Which meant that a K-III civilization would use all of the energy available within an entire galaxy.

When Gray suggested the possibility of a galactic-scale Dyson sphere—and as they accepted the AI’s data—he felt an uneasy stir move through his audience.

Why, the Groth Hoj asked him, should we fear this? This … event lies nearly a billion years in our future. And it could well be our own remote descendents who do this …

The ephemeral is correct, the Adjugredudhran said. Its branching arms gestured sharply. A mere four galactic rotations is a brief space of time for a truly mature civilization.

The being’s use of the word ephemeral almost jolted Gray out of the simulation. How long did the Adjugredudhra live?

And that question raised another. Presumably, they possessed long life spans—possibly even functional immortality—because they’d learned how to manipulate their own genome. But genetics was one of the proscribed technologies—the “G” in “GRIN,” knowledge that could lead to the Tech Singularity.
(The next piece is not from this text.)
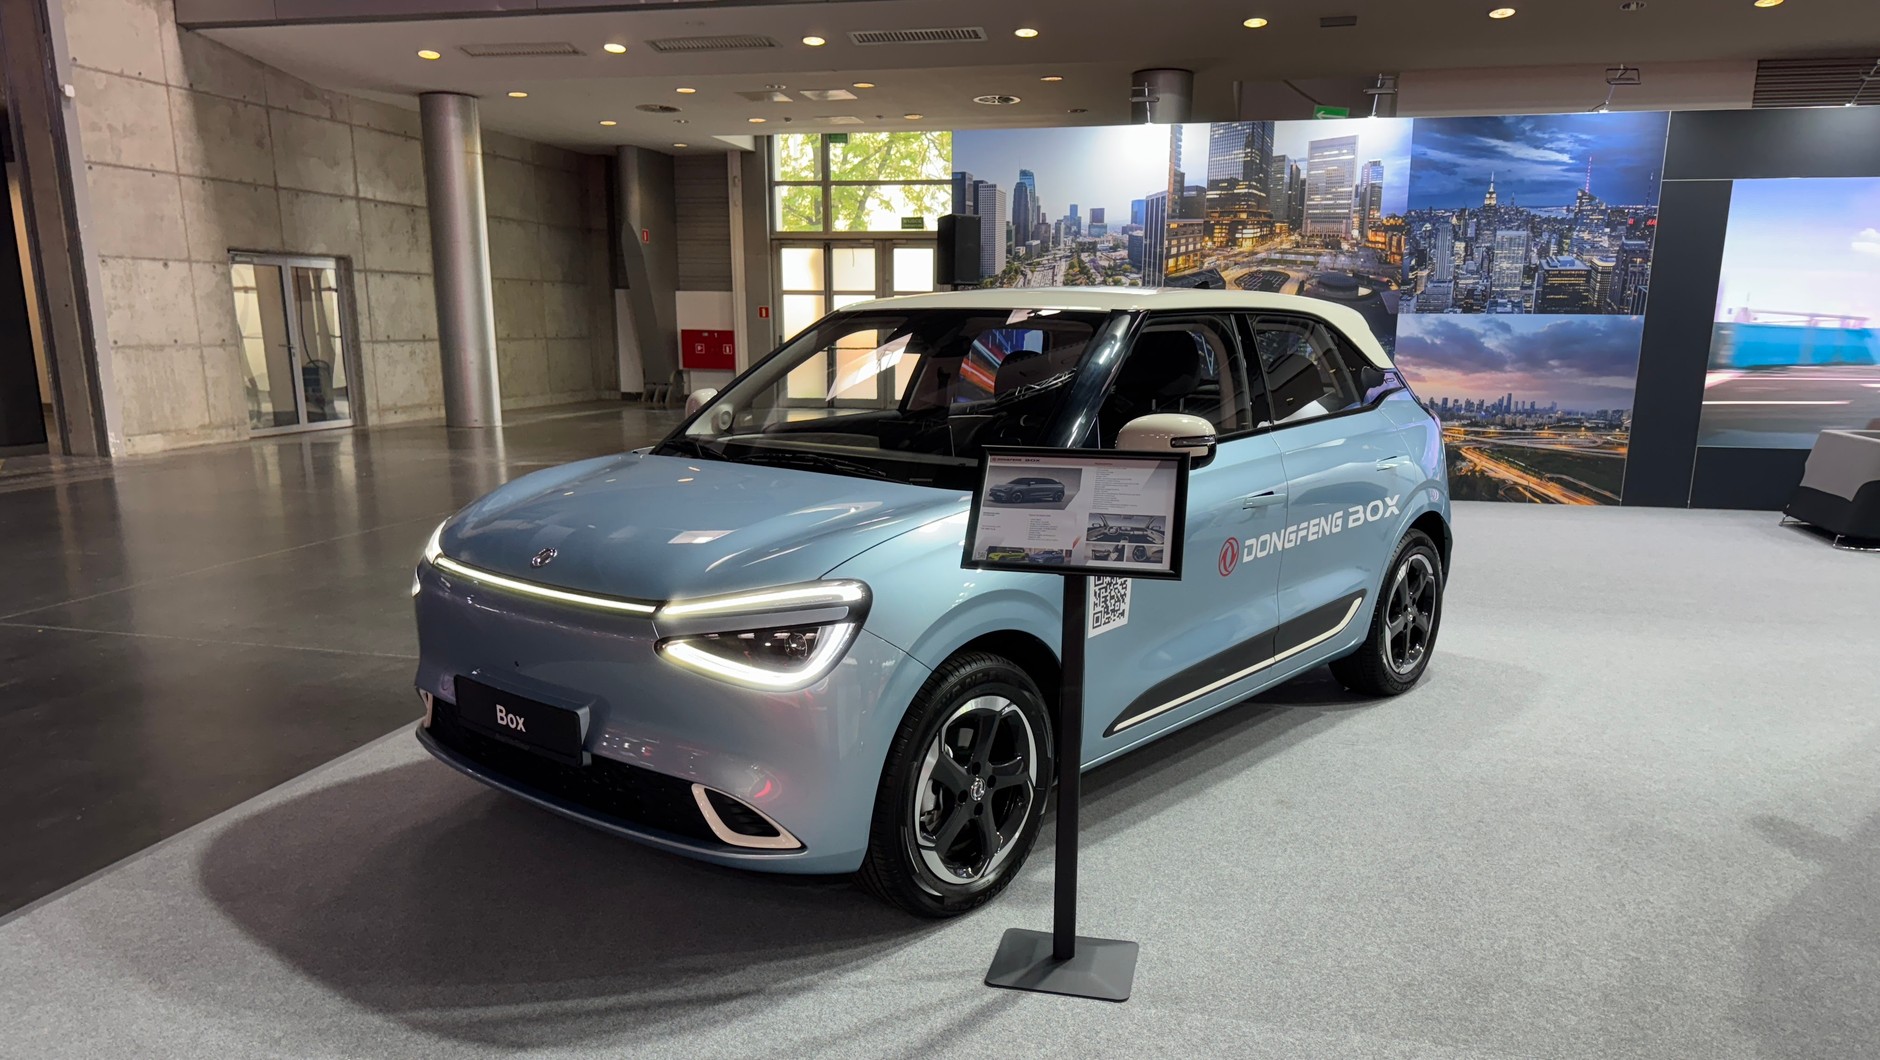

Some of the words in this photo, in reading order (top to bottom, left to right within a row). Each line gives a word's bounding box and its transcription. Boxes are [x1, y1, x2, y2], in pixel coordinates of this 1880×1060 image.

[1243, 511, 1343, 563] DONGFENG
[1348, 494, 1400, 528] BOX
[496, 704, 526, 732] Box
Supposedly, the Adjugredudhra, like the rest of the Sh’daar, were doing everything in their power to avoid another one.

Were all of the members of the Sh’daar Collective hypocrites on such an astronomical scale?
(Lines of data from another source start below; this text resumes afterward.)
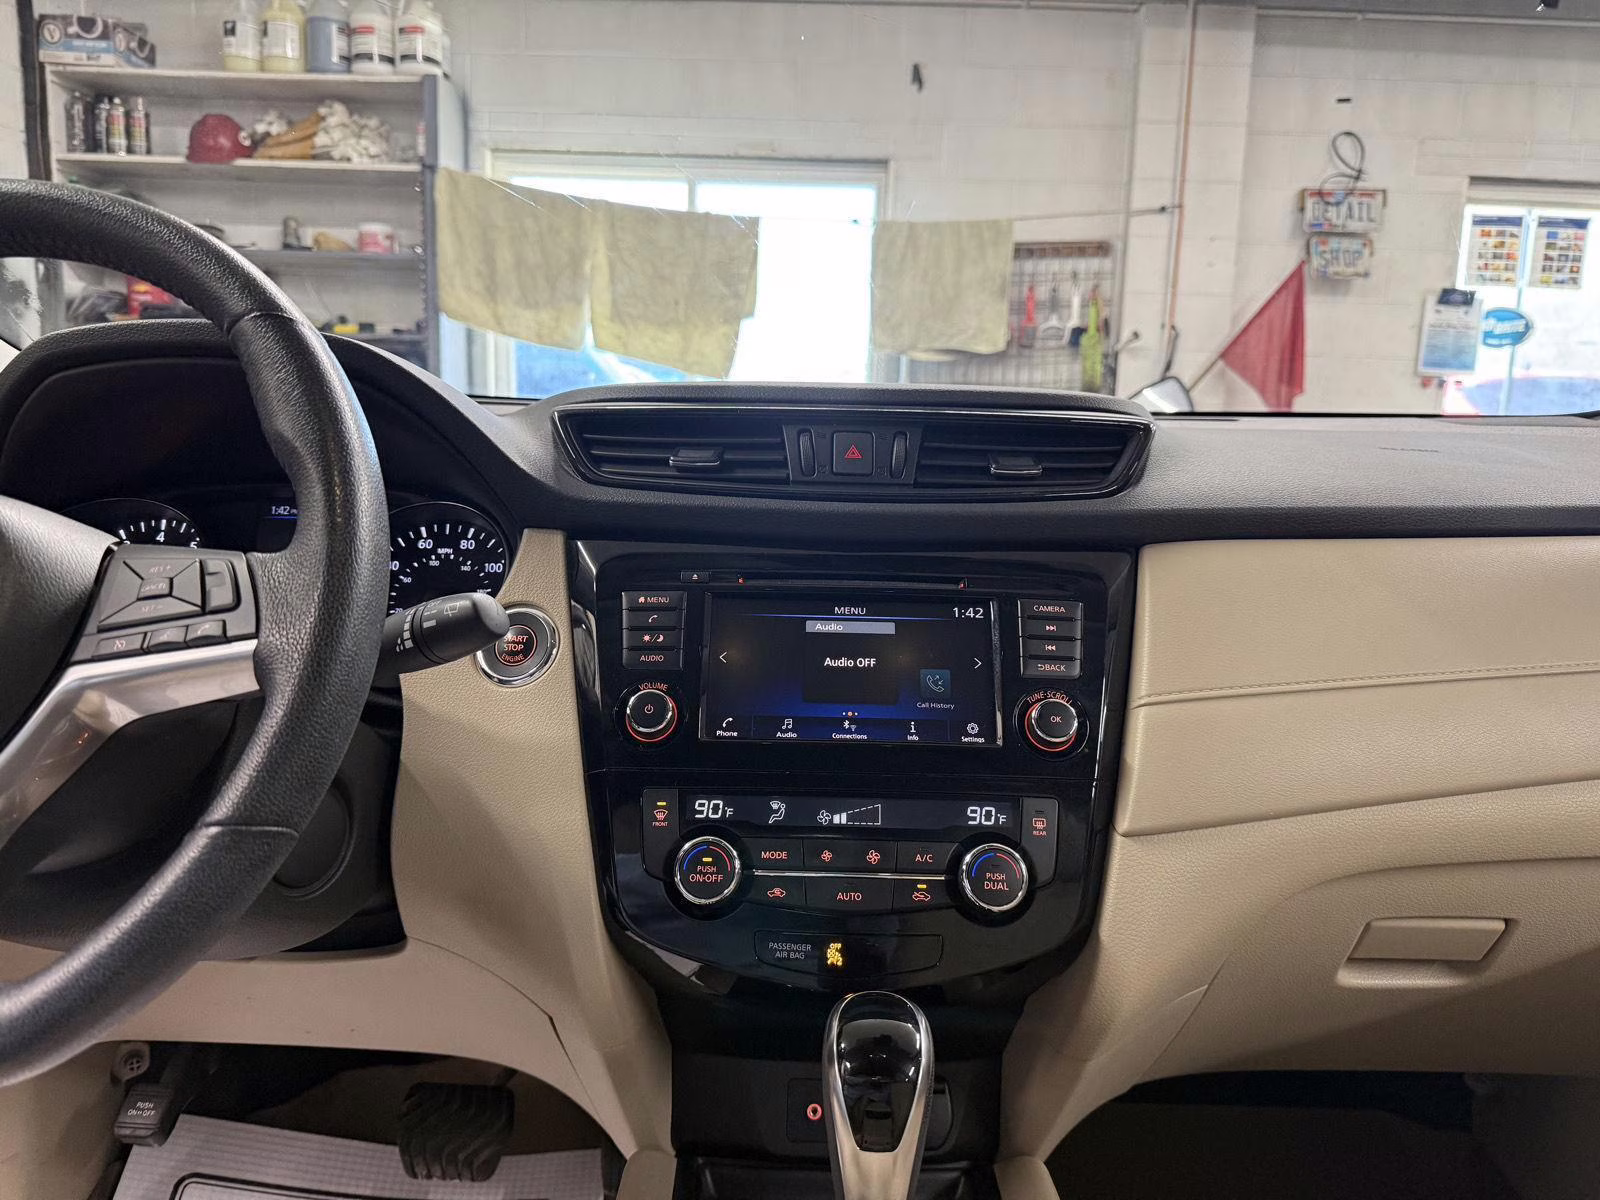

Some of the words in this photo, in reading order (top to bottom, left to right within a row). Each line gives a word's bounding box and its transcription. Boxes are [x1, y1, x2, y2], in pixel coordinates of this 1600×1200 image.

[1312, 200, 1377, 223] DETAIL
[1319, 249, 1364, 267] SHOP
[271, 505, 290, 515] 1:42
[155, 531, 166, 542] 4
[417, 538, 434, 549] 60
[459, 539, 476, 550] 80
[484, 562, 503, 573] 100
[646, 596, 670, 604] MENU
[834, 606, 866, 615] MENU
[952, 607, 984, 619] 1:42
[1033, 605, 1066, 613] CAMERA
[815, 623, 843, 631] Audio
[503, 635, 529, 643] START
[503, 643, 524, 651] STOP
[500, 652, 525, 662] ENGINE
[823, 657, 854, 667] Audio
[856, 658, 877, 668] OFF
[1045, 664, 1066, 672] BACK
[638, 682, 669, 692] VOLUME
[930, 702, 955, 710] History
[832, 732, 868, 740] Connections
[961, 735, 985, 743] Settings
[761, 851, 788, 860] MODE
[915, 854, 933, 862] A/C
[696, 865, 717, 873] PUSH
[689, 873, 724, 883] ON-OFF
[985, 872, 1006, 881] PUSH
[984, 881, 1009, 891] DUAL
[836, 892, 862, 901] AUTO
[768, 942, 812, 952] PASSENGER
[774, 951, 788, 959] AIR
[789, 951, 805, 960] BAG
[135, 1101, 154, 1109] PUSH
That thought disturbed him even as he answered their question. “Eight hundred seventy-six million years is more like three galactic rotations, not four,” Gray said. “A mere instant!” He meant the statement as a joke, but sensed a kind of impact, an increasing sense of unease, among the alien listeners. Maybe they did casually think on a scale of hundreds of millions of years. “And in my time, my epoch, we might be seeing the first arrival of the galactic Dyson sphere makers. We believe them to be the Rosette Aliens.”

At Gray’s mental signal, Konstantin-2 loaded another set of images into the collective, virtual consciousness—images originally returned to Earth from the heart of the Omega Centauri star cluster. “A lot of ephemeral lives were lost,” he said, “getting this information.”

Konstantin was showing the gathered beings images collected by America, and by various survey ships and probes sent into the cluster’s heart. The six black holes the Council were seeing—cosmologists were now certain—were the far-future embers of the Six Suns of the remote past.

The beings gathered about the virtual circle stared up, with wildly different sensory organs, into utter strangeness. Not all of them had eyes … but the imagery had been made available in a wide range of formats.

The Six Suns all were hot, young stars, each some forty times the mass of Earth’s sun. Such large stars were profligate and short-lived. They burned through their stores of nuclear fuel in just tens of millions of years before ending their relatively brief lives as Type II supernovae and collapsing into black holes. The various star-faring beings around him had to know what these images implied, but he said it aloud anyway.